WORK INSTRUCTION » Copy out the data word for word, without any of its pictures.

-----

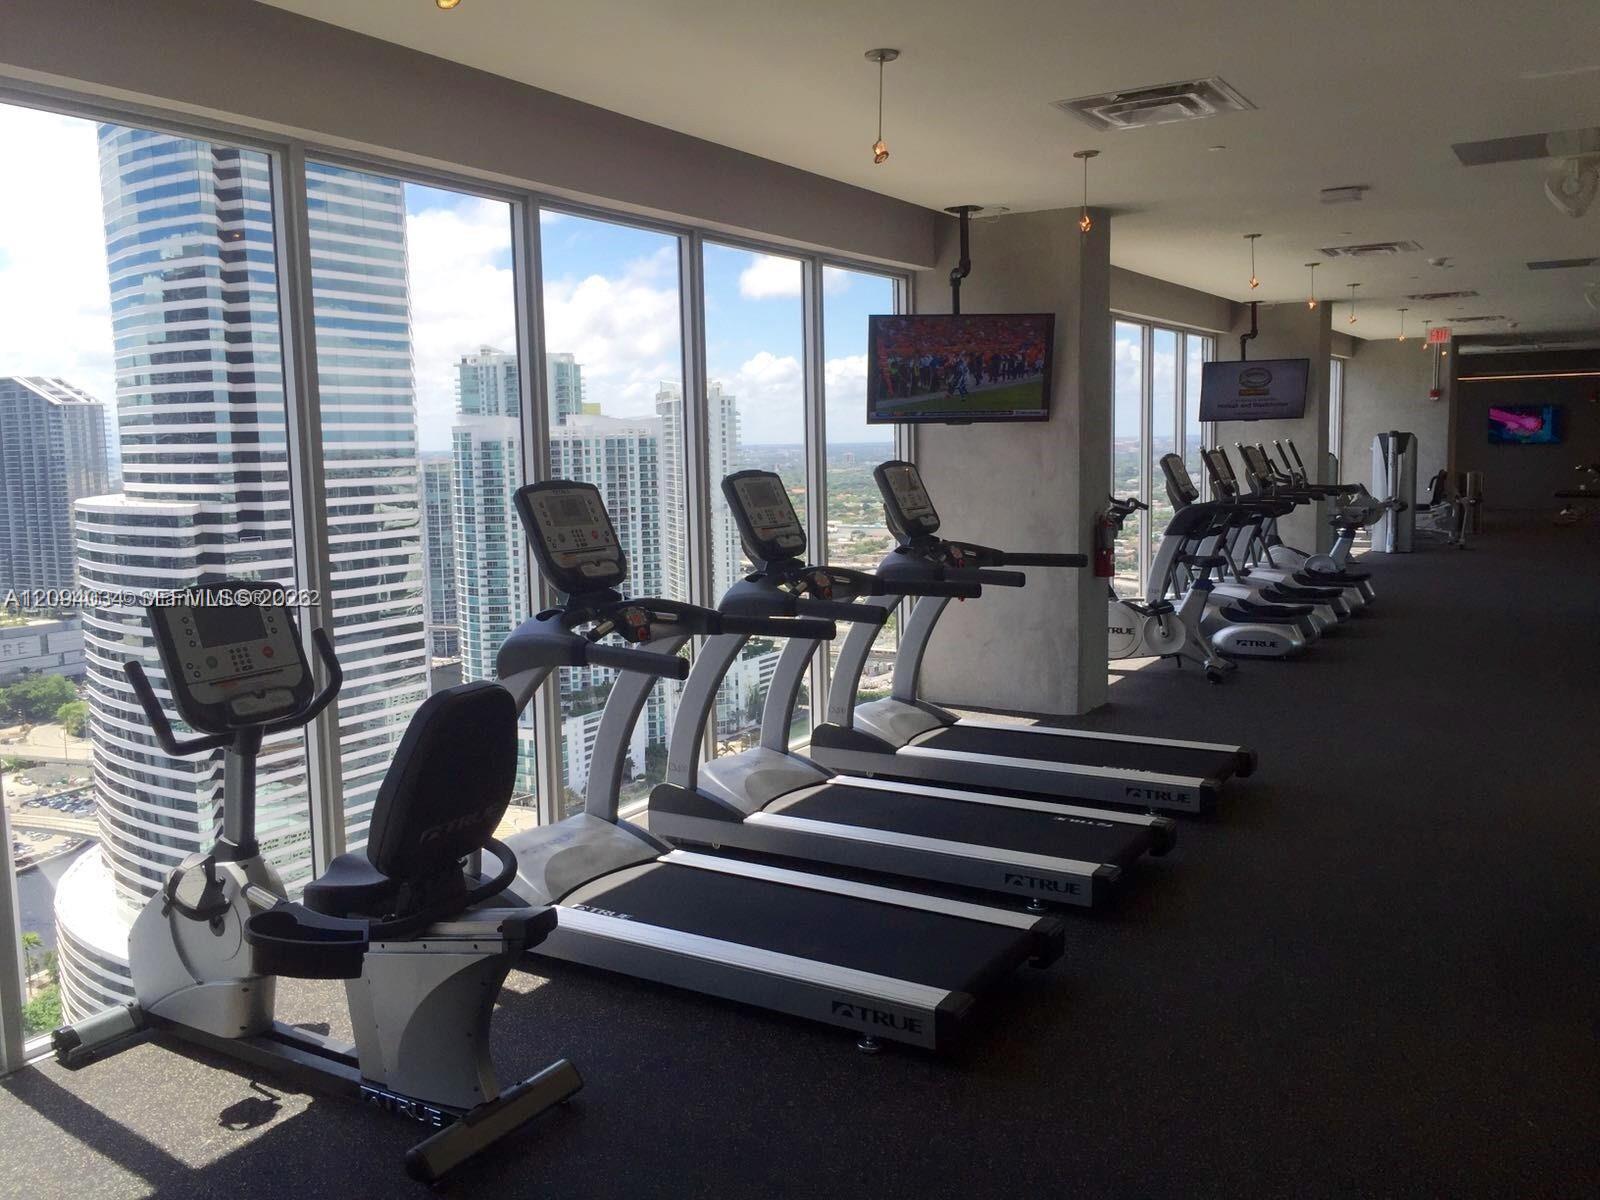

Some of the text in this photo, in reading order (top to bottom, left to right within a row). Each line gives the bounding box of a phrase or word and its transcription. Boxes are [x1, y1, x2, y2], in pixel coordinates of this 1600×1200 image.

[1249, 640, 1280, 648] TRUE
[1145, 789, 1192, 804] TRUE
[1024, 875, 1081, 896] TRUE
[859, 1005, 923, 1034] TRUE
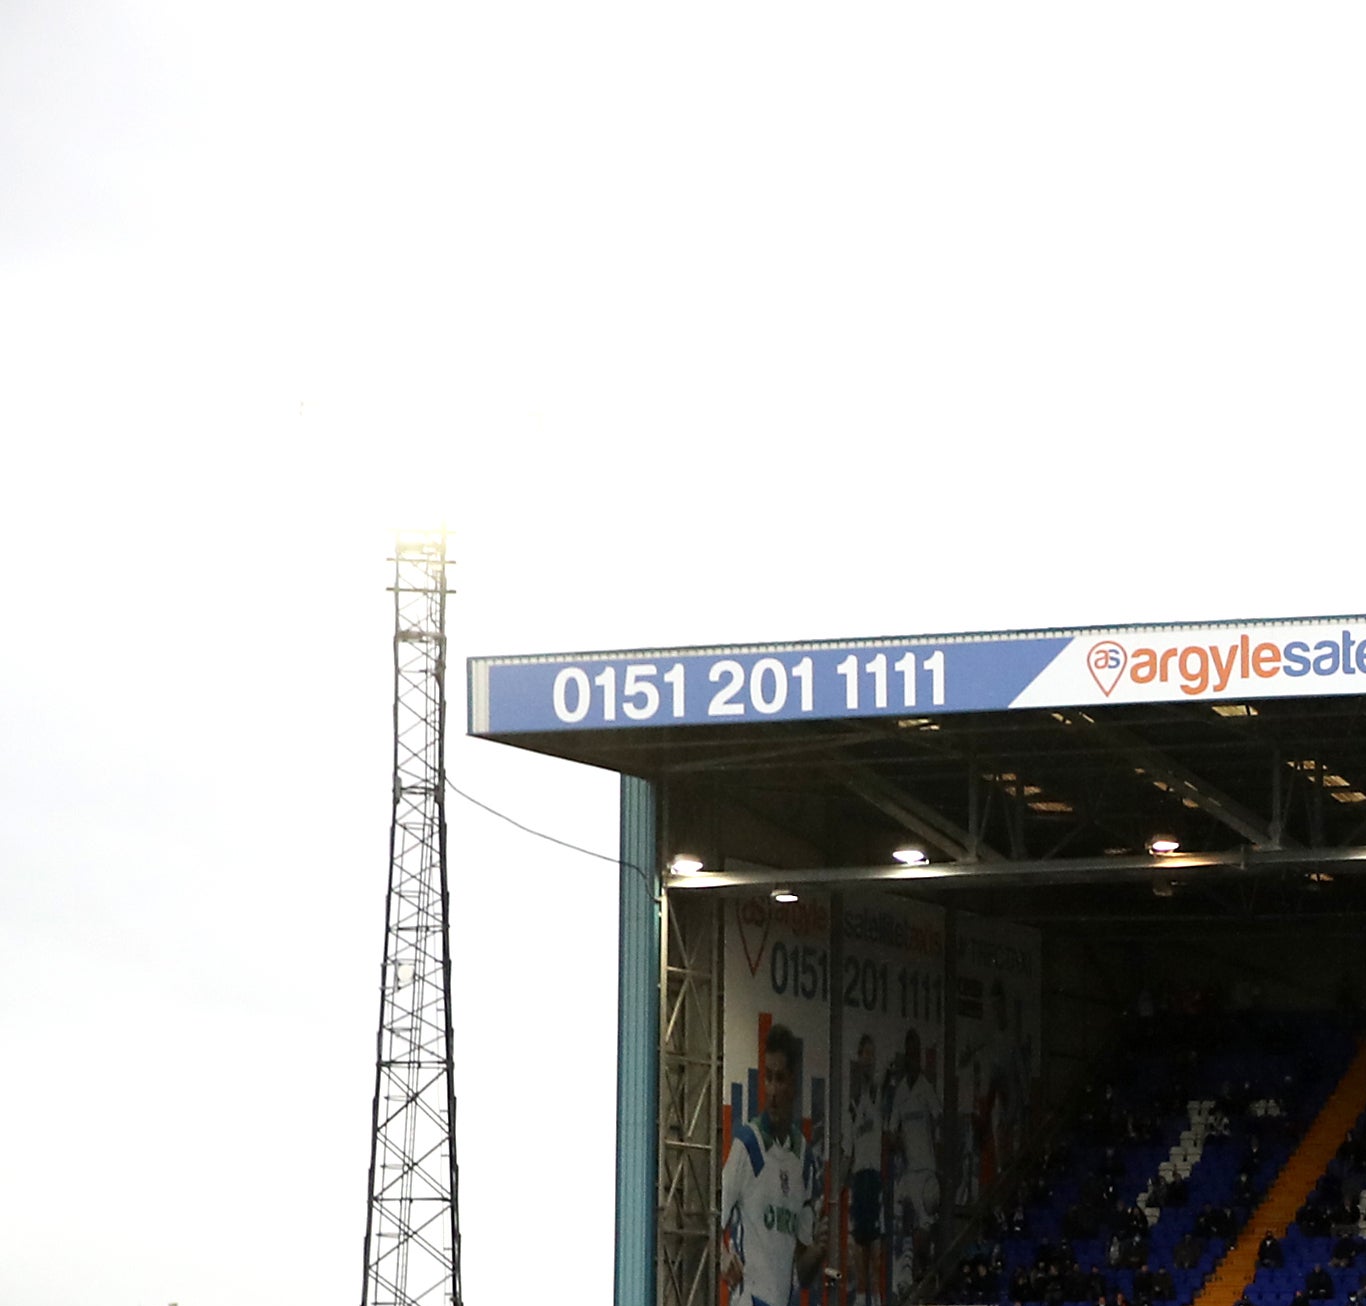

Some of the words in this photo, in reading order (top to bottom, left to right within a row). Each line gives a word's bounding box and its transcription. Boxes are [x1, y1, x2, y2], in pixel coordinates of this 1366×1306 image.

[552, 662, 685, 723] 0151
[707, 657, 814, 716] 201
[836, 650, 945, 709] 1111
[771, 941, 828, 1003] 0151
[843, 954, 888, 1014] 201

-----

RESPONSE FOR THIS EXERCISE »
Some of the text in this photo, in reading order (top to bottom, left to right within a row). Each line gives the bounding box of a phrase or word and its transcription. Boxes are [x1, y1, x2, y2], in pixel coordinates of this 1600×1200 image.

[1249, 640, 1280, 648] TRUE
[1145, 789, 1192, 804] TRUE
[1024, 875, 1081, 896] TRUE
[859, 1005, 923, 1034] TRUE

Some of the words in this photo, in reading order (top to bottom, left to right within a row). Each line gives a word's bounding box and its transcription. Boxes are [x1, y1, x2, y2], in pixel coordinates of this 1366×1306 image.

[552, 662, 685, 723] 0151
[707, 657, 814, 716] 201
[836, 650, 945, 709] 1111
[771, 941, 828, 1003] 0151
[843, 954, 888, 1014] 201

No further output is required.